- Wheatland Township Wheatland Township
- Coordinates: 43°35′50″N 85°8′47″W﻿ / ﻿43.59722°N 85.14639°W
- Country: United States
- State: Michigan
- County: Mecosta

Area
- • Total: 35.7 sq mi (92 km^{2})
- • Land: 35.5 sq mi (92 km^{2})
- • Water: 0.2 sq mi (0.52 km^{2})
- Elevation: 1,024 ft (312 m)

Population (2020)
- • Total: 1,396
- • Density: 39.3/sq mi (15.2/km^{2})
- Time zone: UTC-5 (Eastern (EST))
- • Summer (DST): UTC-4 (EDT)
- ZIP codes: 49340 (Remus) 49310 (Blanchard) 49332 (Mecosta)
- FIPS code: 26-107-86560
- GNIS feature ID: 1627256

= Wheatland Township, Mecosta County, Michigan =

Wheatland Township is a civil township of Mecosta County in the U.S. state of Michigan. The population was 1,396 at the 2020 census.

== Communities ==
- Remus is an unincorporated community near the center of the township at It was at first called Bingen, and was located about 3 mi west of the current site, where there was a sawmill and several other buildings. Settlement moved to the present site in 1869 to be on the Detroit, Lansing and Northern Railroad line. A post office named Bingen was established on July 20, 1877, with Christian W. Wernette as the first postmaster. The office was renamed Remus on March 15, 1880, after William John Remus, a landowner who had surveyed the area. The Remus ZIP code 49340 serves most of Wheatland Township, as well as a large portion of Sheridan Township to the north, a small area of Millbrook Township to the south, and portions of Sherman Township, Broomfield Township, and Fremont Township to the east in Isabella County.

==Geography==
The township is in eastern Mecosta County, bordered to the east by Isabella County. According to the United States Census Bureau, the township has a total area of 35.7 sqmi, of which 35.5 sqmi are land and 0.2 sqmi, or 0.56%, are water.

==Demographics==
As of the census of 2000, there were 1,474 people, 566 households, and 395 families residing in the township. The population density was 41.5 PD/sqmi. There were 654 housing units at an average density of 18.4 per square mile (7.1/km^{2}). The racial makeup of the township was 94.98% White, 1.42% African American, 1.02% Native American, 0.68% from other races, and 1.90% from two or more races. Hispanic or Latino of any race were 1.22% of the population.

There were 566 households, out of which 31.6% had children under the age of 18 living with them, 57.6% were married couples living together, 8.5% had a female householder with no husband present, and 30.2% were non-families. 25.6% of all households were made up of individuals, and 12.5% had someone living alone who was 65 years of age or older. The average household size was 2.59 and the average family size was 3.11.

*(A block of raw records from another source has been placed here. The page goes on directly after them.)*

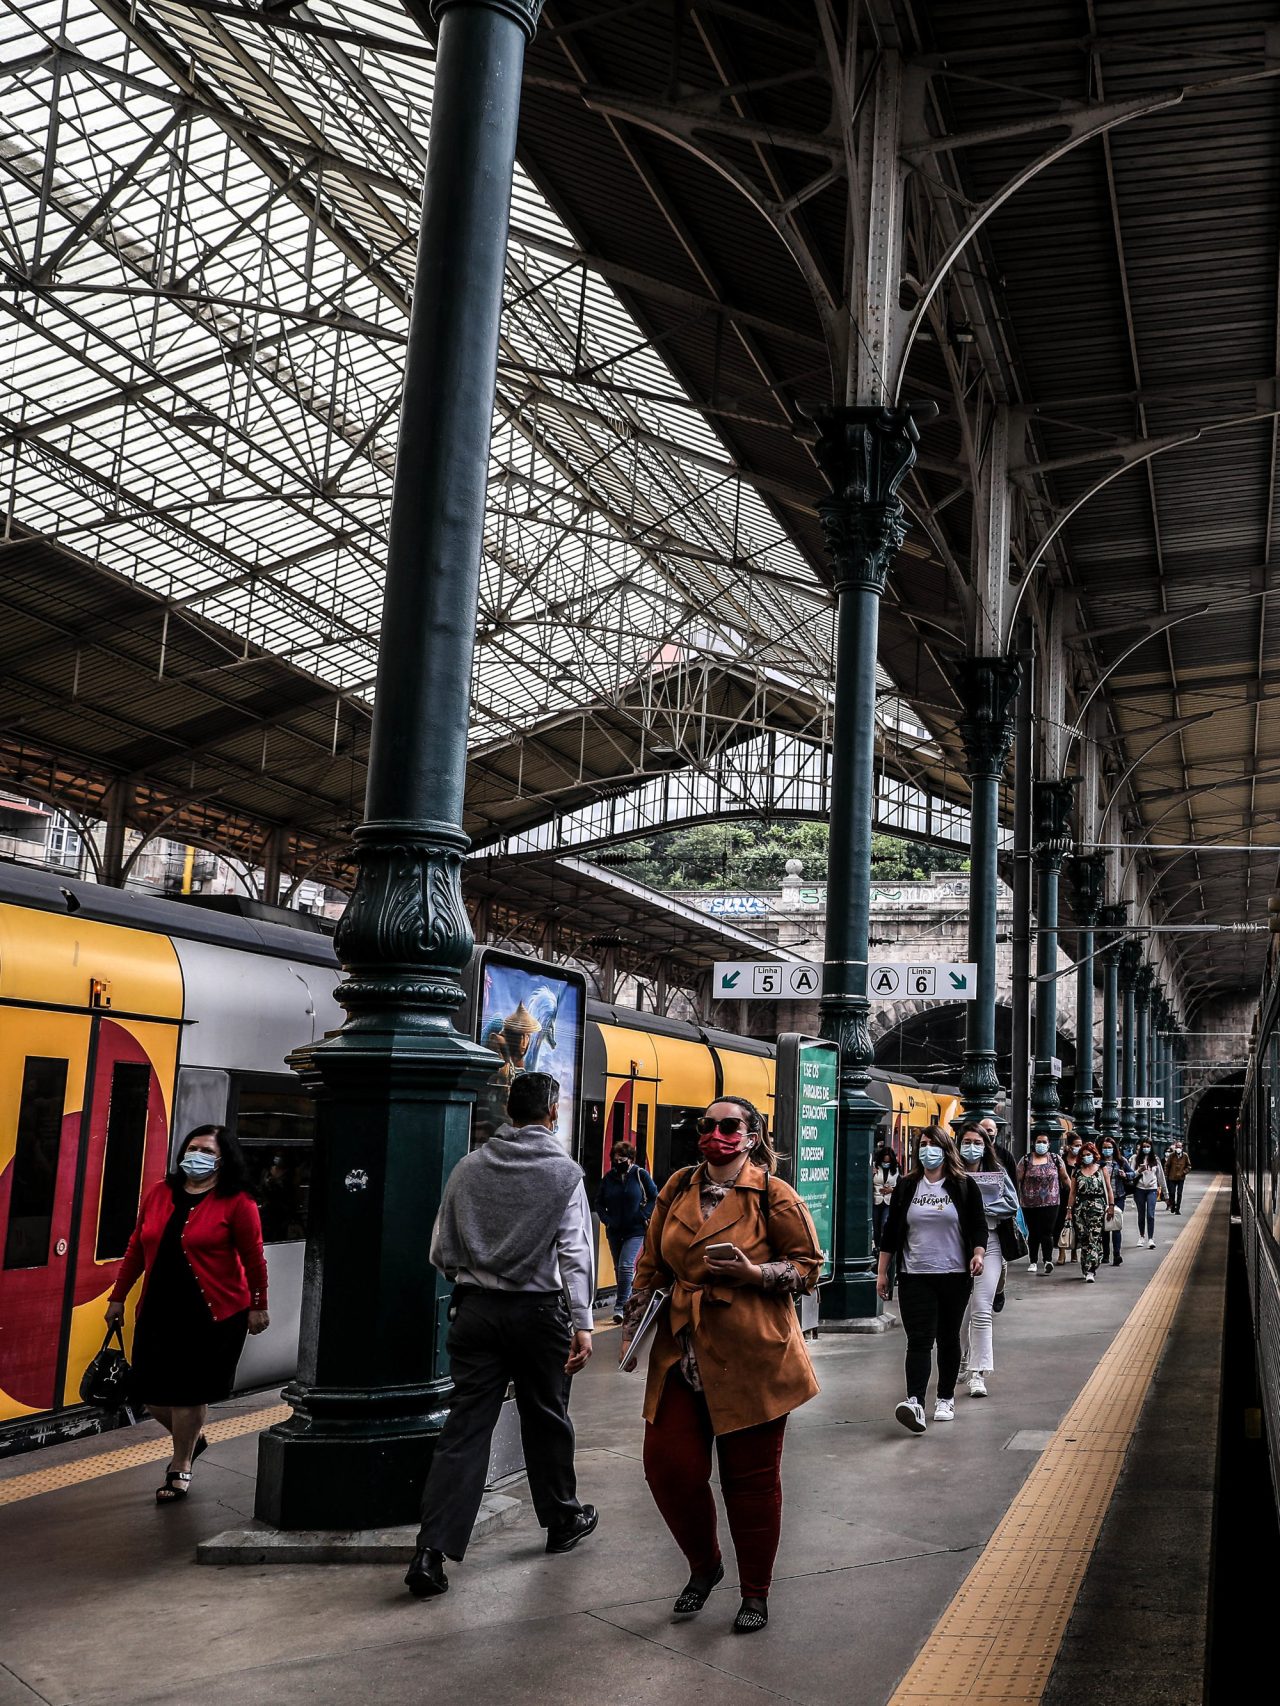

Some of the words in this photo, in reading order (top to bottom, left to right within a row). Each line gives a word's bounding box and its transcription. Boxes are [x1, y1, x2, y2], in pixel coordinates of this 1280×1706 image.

[762, 976, 774, 992] 5
[796, 973, 813, 989] A
[877, 974, 893, 990] A
[916, 976, 927, 993] 6
[823, 1086, 830, 1101] DE
[800, 1167, 809, 1182] SER

In the township the population was spread out, with 28.4% under the age of 18, 7.4% from 18 to 24, 24.9% from 25 to 44, 25.7% from 45 to 64, and 13.6% who were 65 years of age or older. The median age was 38 years. For every 100 females, there were 97.1 males. For every 100 females age 18 and over, there were 93.8 males.

The median income for a household in the township was $33,654, and the median income for a family was $38,229. Males had a median income of $30,296 versus $20,938 for females. The per capita income for the township was $16,405. About 7.7% of families and 11.7% of the population were below the poverty line, including 15.6% of those under age 18 and 8.0% of those age 65 or over.